The next move in the case will be the filing of appeals by defense attorneys to Pakistan's high court, an appeal expected to be launched within a week's time.
Sheikh Omar is said to have had strong links to Muslim fundamentalist groups since he dropped out of the London School of Economics in 1993. He is currently under indictment by U.S. courts for kidnapping charges of American tourists in South Asia. He was in prison in India until he was released in exchange for hostages during a hijacking of an Air India flight that ended up in Afghanistan on New Year's Eve 1999.
Omar was reported to have slipped into Pakistan after the hijacking and surfaced when he was arrested in February and charged with the kidnapping and killing of ... Daniel Pearl.
A body believed to be Pearl's was discovered in a shallow grave in Karachi on May 17. DNA tests on the remains have not been made public and were not presented in court during the trial. ...
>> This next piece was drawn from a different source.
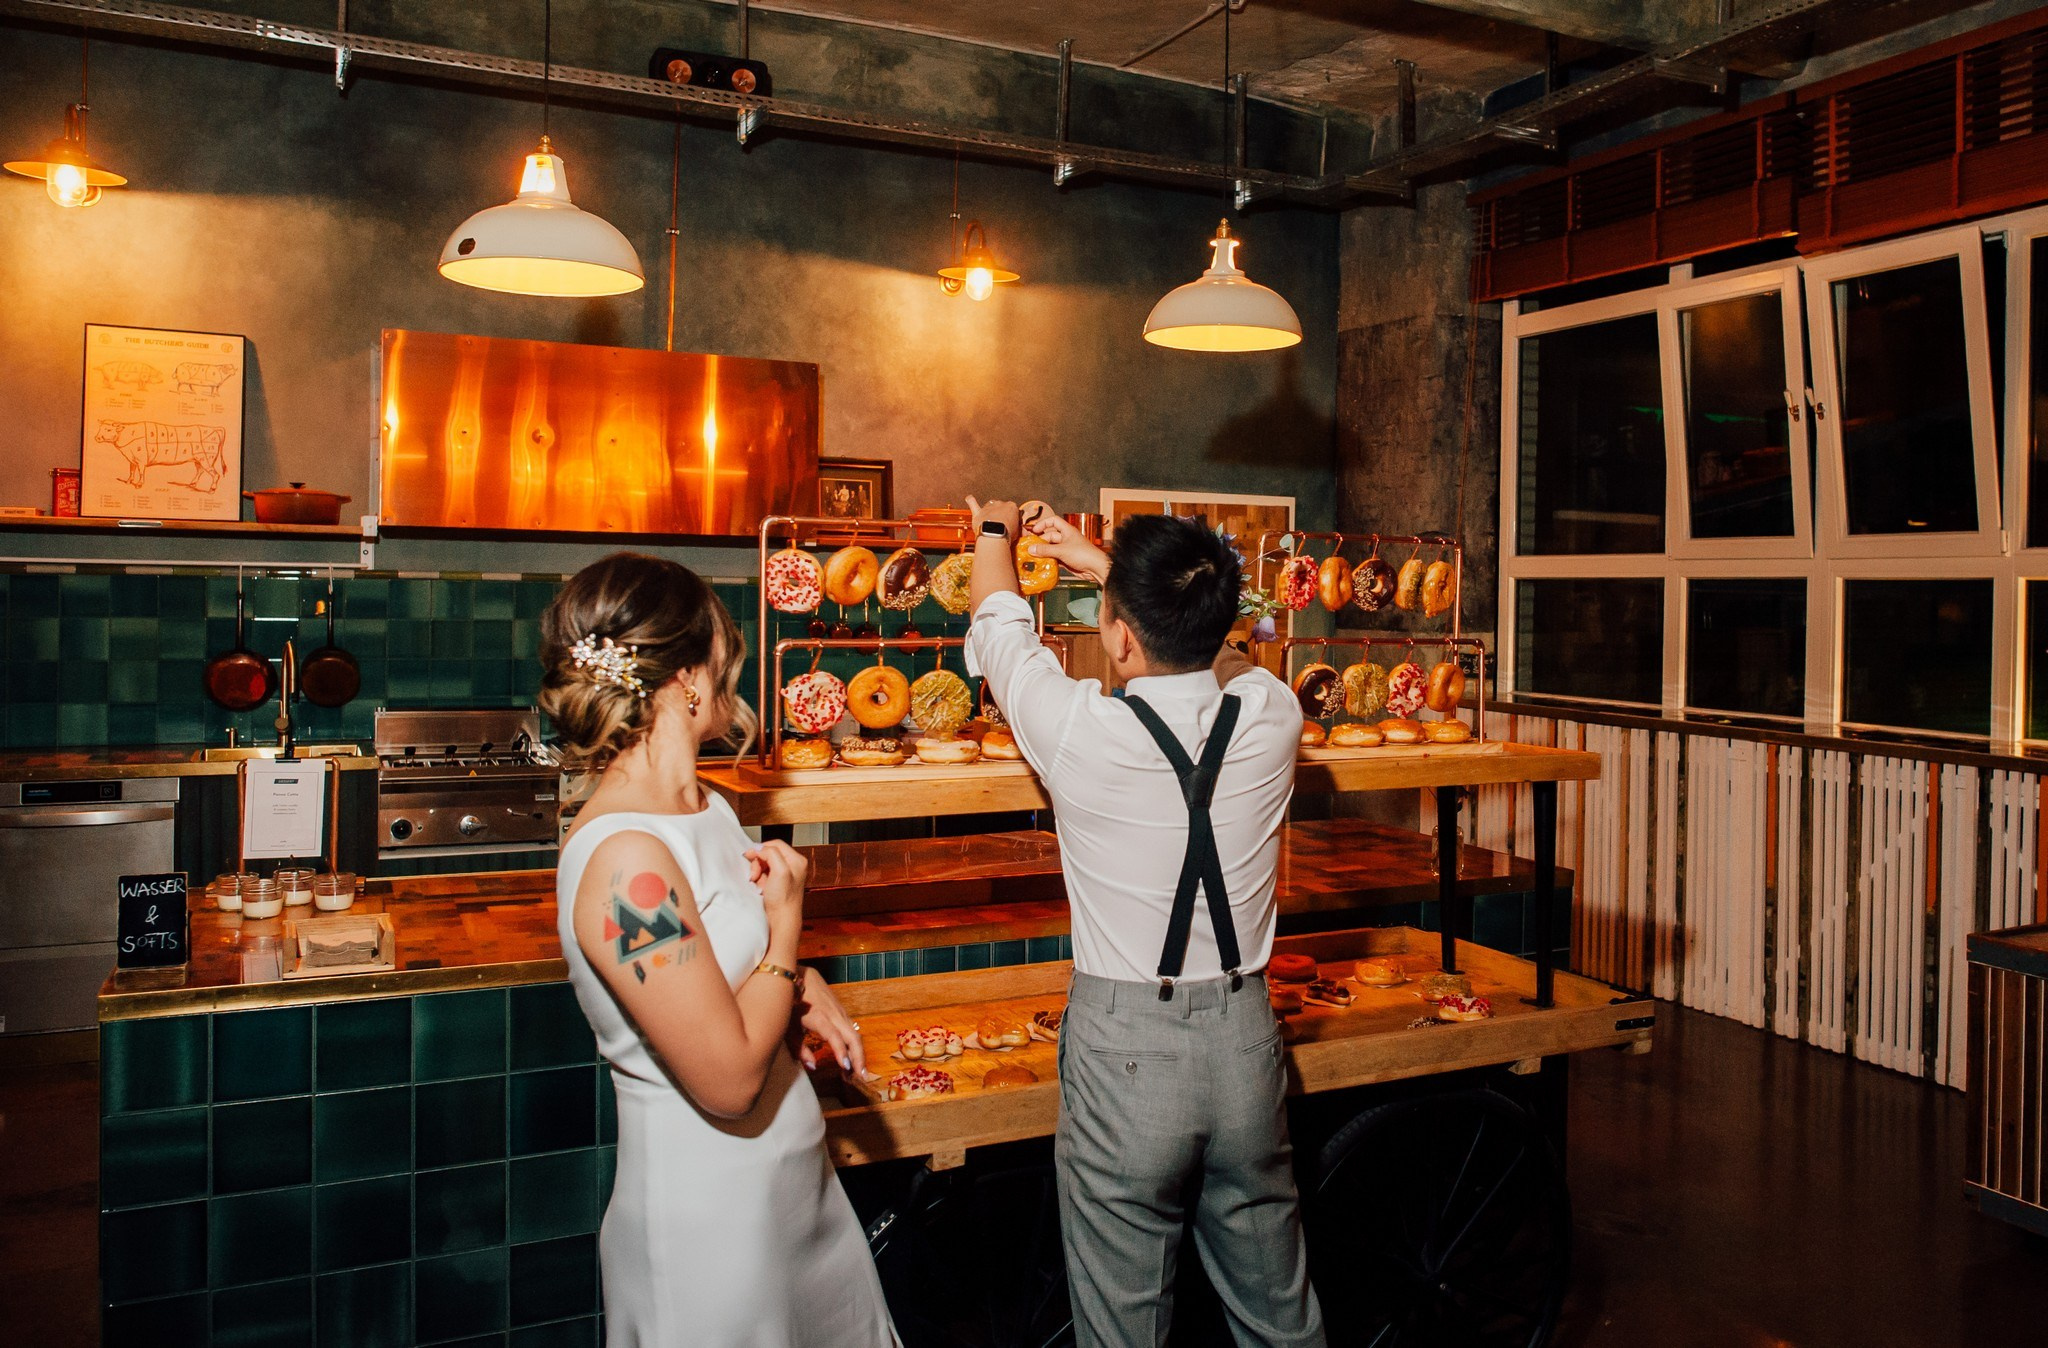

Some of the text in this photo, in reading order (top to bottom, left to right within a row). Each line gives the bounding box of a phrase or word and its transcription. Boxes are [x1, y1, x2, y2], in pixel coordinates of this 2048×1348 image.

[121, 877, 186, 898] WASSER
[145, 905, 159, 925] &
[121, 931, 178, 953] SOFTS
In addition to the appeals process, there is the possibility of even more trials. Police in Pakistan say they are seeking at least six other suspects who may have been more directly involved with the death of Daniel Pearl.
Now, while Daniel Pearl's family has not reacted to the verdict, on their Web site was a statement from the family thanking Pakistani and U.S. authorities for all of their tireless efforts to bring the attackers to justice. "Today's verdict is the first chapter in this process," the statement from the family read on the Web site.
ZAHN: Tom, now that this verdict has had a chance to sink in, what has been the reaction by and large as you have walked around and talked with the locals there?
MINTIER: I think there is a deep concern in at least some segments of the population that there may be some kind of backlash for this verdict.
By sentencing one of the Islamic militants to death, it may be seen -- and the words we heard from Sheikh Omar were rather threatening ... -- to the potential of something happening in retaliation for both the trial, the verdict and the sentence.
ZAHN: An appeal was expected, was it not, if these guilty verdicts came down?
MINTIER: Most definitely. When we talked to the defense attorneys almost a week ago, they said no matter what happens, they expected it to be appealed. If they got an acquittal, they expected the government to move forward very quickly.
And I am also told that the high court in Pakistan will sit right away. Their docket has been cleared by the government. They had been prepared for this case, and they will hear it almost immediately.
And I am also told that they will hear it nonstop. There will not be any delays or breaks -- that this will simply be an appeal to the high court and will happen very quickly.